High percentiles of response times — p95, p99, and p999 — also known as tail latencies, are important because they directly affect users’ experience of the service. Percentiles are often used in service level objectives (SLOs) and service level agreements (SLAs), contracts that define the expected performance and availability of a service.

Queueing delays often account for a large part of the response time at high percentiles. As a server can only process a small number of things in parallel (limited, for example, by its number of CPU cores), it only takes a small number of slow requests to hold up the processing of subsequent requests — an effect sometimes known as head-of-line blocking. Even if those subsequent requests are fast to process on the server, the client will see a slow overall response time due to the time waiting for the prior request to complete. Due to this effect, it is important to measure response times on the client side.

Approaches for Coping with Load

Now that we have discussed the parameters for describing load and metrics for measuring performance, we can start discussing scalability in earnest: how do we maintain good performance even when our load parameters increase by some amount?

People often talk of a dichotomy between scaling up (vertical scaling, moving to a more powerful machine) and scaling out (horizontal scaling, distributing the load across multiple smaller machines). Distributing load across multiple machines is also known as a shared-nothing architecture. A system that can run on a single machine is often simpler, but high-end machines can become very expensive, so very intensive workloads often can’t avoid scaling out. In reality, good architectures usually involve a pragmatic mixture of approaches: for example, using several fairly powerful machines can still be simpler and cheaper than a large number of small virtual machines.

Some systems are elastic, meaning that they can automatically add computing resources when they detect a load increase, whereas other systems are scaled manually (a human analyzes the capacity and decides to add more machines to the system). An elastic system can be useful if load is highly unpredictable, but manually scaled systems are simpler and may have fewer operational surprises.

While distributing stateless services across multiple machines is fairly straightforward, taking stateful data systems from a single node to a distributed setup can introduce a lot of additional complexity. For this reason, common wisdom until recently was to keep your database on a single node (scale up) until scaling cost or high-availability requirements forced you to make it distributed.

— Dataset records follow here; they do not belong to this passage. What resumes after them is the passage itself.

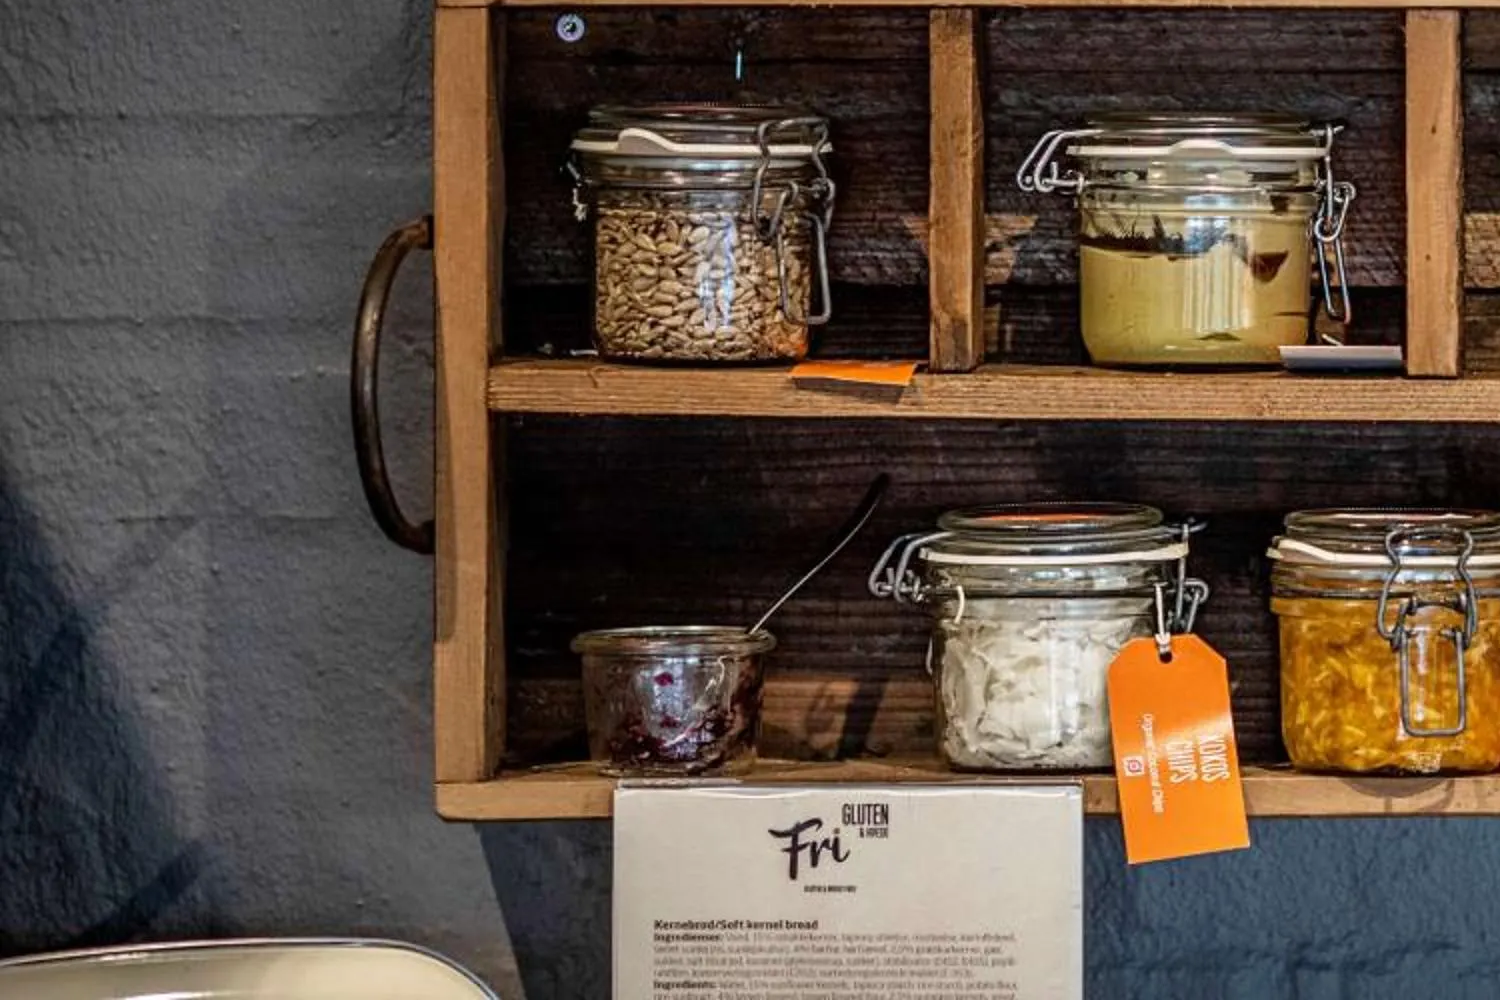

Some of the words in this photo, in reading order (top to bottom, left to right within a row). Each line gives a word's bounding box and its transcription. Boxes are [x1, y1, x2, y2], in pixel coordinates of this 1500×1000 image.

[1166, 740, 1197, 783] CHIPS
[1199, 733, 1230, 782] KOKOS
[841, 803, 889, 826] GLUTEN
[767, 817, 851, 881] Fri
[746, 919, 783, 930] kernel
[785, 919, 819, 930] bread

An architecture that scales well for a particular application is built around assumptions of which operations will be common and which will be rare — the load parameters.

Maintainability

It is well known that the majority of the cost of software is not in its initial development, but in its ongoing maintenance — fixing bugs, keeping its systems operational, investigating failures, adapting it to new platforms, modifying it for new use cases, repaying technical debt, and adding new features.

However, we can and should design software in such a way that it will hopefully minimize pain during maintenance, and thus avoid creating legacy software ourselves. To this end, we will pay particular attention to three design principles for software systems:

Operability

Make it easy for operations teams to keep the system running smoothly.

Simplicity

Make it easy for new engineers to understand the system, by removing as much complexity as possible from the system. (Note this is not the same as simplicity of the user interface.) Symptoms of complexity: explosion of the state space, tight coupling of modules, tangled dependencies, inconsistent naming and terminology, hacks aimed at solving performance problems, special-casing to work around issues elsewhere, and many more.

Evolvability

Make it easy for engineers to make changes to the system in the future, adapting it for unanticipated use cases as requirements change. Also known as extensibility, modifiability, or plasticity. In terms of organizational processes, Agile working patterns provide a framework for adapting to change.